Ora, però, una volta ottenuto e commercializzato il vaccino sarà determinante per limitare la circolazione del virus che una consistente percentuale della popolazione mondiale si sottoponga alla profilassi. In quest’ambito, naturalmente, emergeranno le criticità politiche perché bisognerà capire quale orientamento prenderanno i governi europei e mondiali nei confronti delle resistenze di alcuni movimenti che si adopereranno per contrastare la vaccinazione di massa.
Nel nostro Paese la salute pubblica è tutelata dall’articolo 32 della Costituzione il quale, infatti, dispone che “La Repubblica tutela la salute come fondamentale diritto dell’individuo e interesse della collettività, e garantisce cure gratuite agli indigenti. Nessuno può essere obbligato a un determinato trattamento sanitario se non per disposizione di legge.

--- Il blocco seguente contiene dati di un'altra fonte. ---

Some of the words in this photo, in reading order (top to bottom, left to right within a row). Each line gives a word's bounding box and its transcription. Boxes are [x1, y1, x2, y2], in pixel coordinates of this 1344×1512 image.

La legge non può in nessun caso violare i limiti imposti dal rispetto della persona umana”. È chiara nella disposizione dei Padri Costituenti l’indicazione a rendere liberi i cittadini nell’ambito delle cure ma è anche chiaro che i cittadini non possono sottrarsi alle misure sanitarie qualora tale comportamento dovesse compromettere lo stato di salute della collettività. Per tale ragione il vaccino dovrebbe essere reso obbligatorio per tutti i cittadini. Quali decisioni e quali orientamenti prenderà il governo italiano al momento non è noto; si spera, tuttavia, che l’orientamento sia quello indicato dalla Costituzione.

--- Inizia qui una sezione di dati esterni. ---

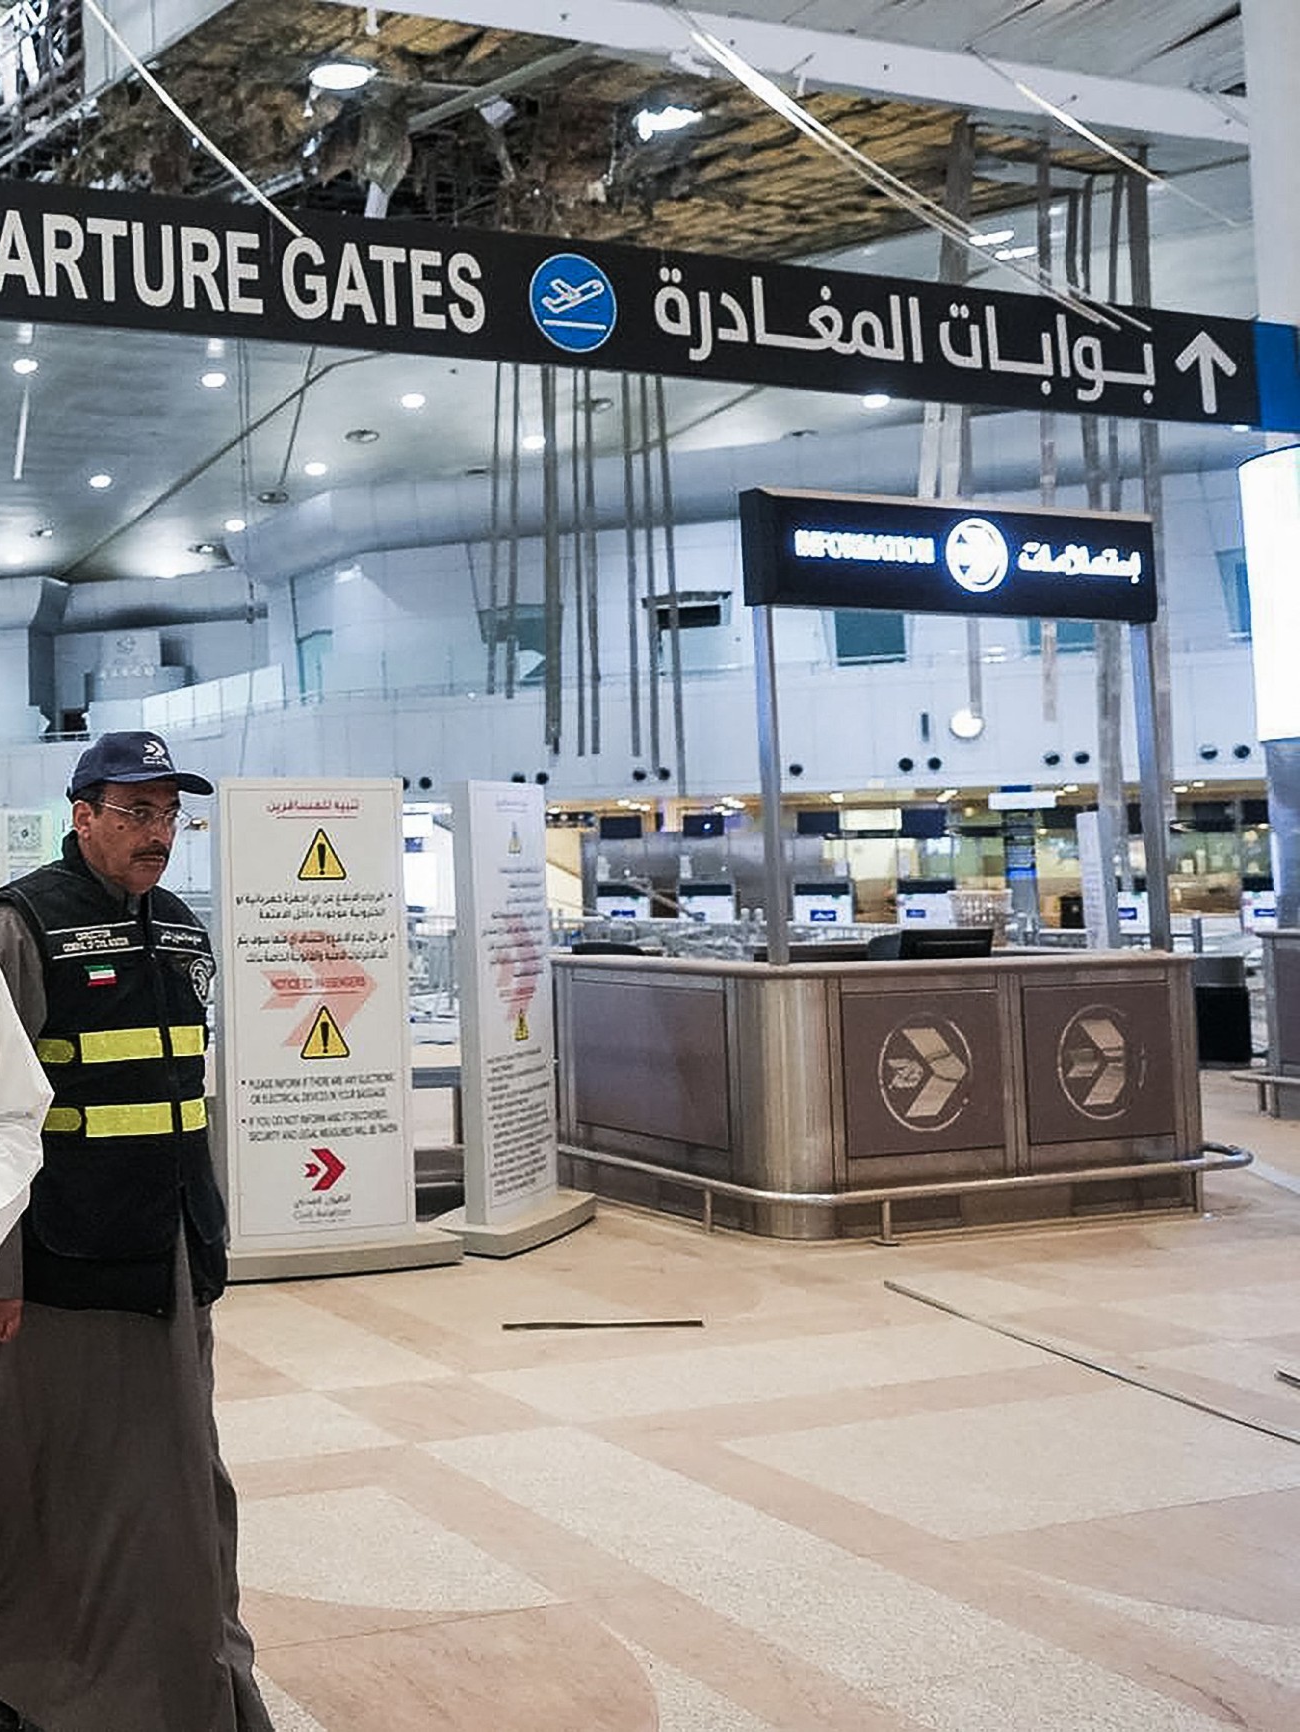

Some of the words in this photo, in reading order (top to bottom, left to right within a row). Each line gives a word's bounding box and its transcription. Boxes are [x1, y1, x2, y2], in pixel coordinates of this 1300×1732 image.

[281, 235, 486, 335] GATES
[654, 266, 924, 363] المغادرة
[939, 301, 1156, 405] بوابات
[794, 529, 936, 564] INFORMATION

A conclusione di questa breve esposizione possiamo quindi dire che il nostro Paese ha risposto – ed ha risposto bene – all’emergenza epidemica di marzo e aprile e i nostri connazionali sono stati molto bravi nell’osservare le regole. Adesso ci troviamo a fronteggiare un nuovo capitolo dell’epidemia che, a conti fatti, non è detto che debba manifestarsi nello stesso modo di quanto osservato all’inizio dell’anno. Il messaggio che ritengo importante da porgere a chi ha, fin qui, avuto la pazienza di leggere, è di evitare catastrofismi, fare un uso consapevole e ragionato delle informazioni che si ricevono dai grandi mezzi di comunicazione al fine di evitare il panico, ricorrere alle strutture ospedaliere quando è davvero necessario e, naturalmente, osservare le regole igieniche suggerite che non si limitano all’uso della mascherina, ma si estendono anche a comportamenti individuali (primo tra tutti il lavaggio delle mani) e collettivi (evitando gli assembramenti inutili).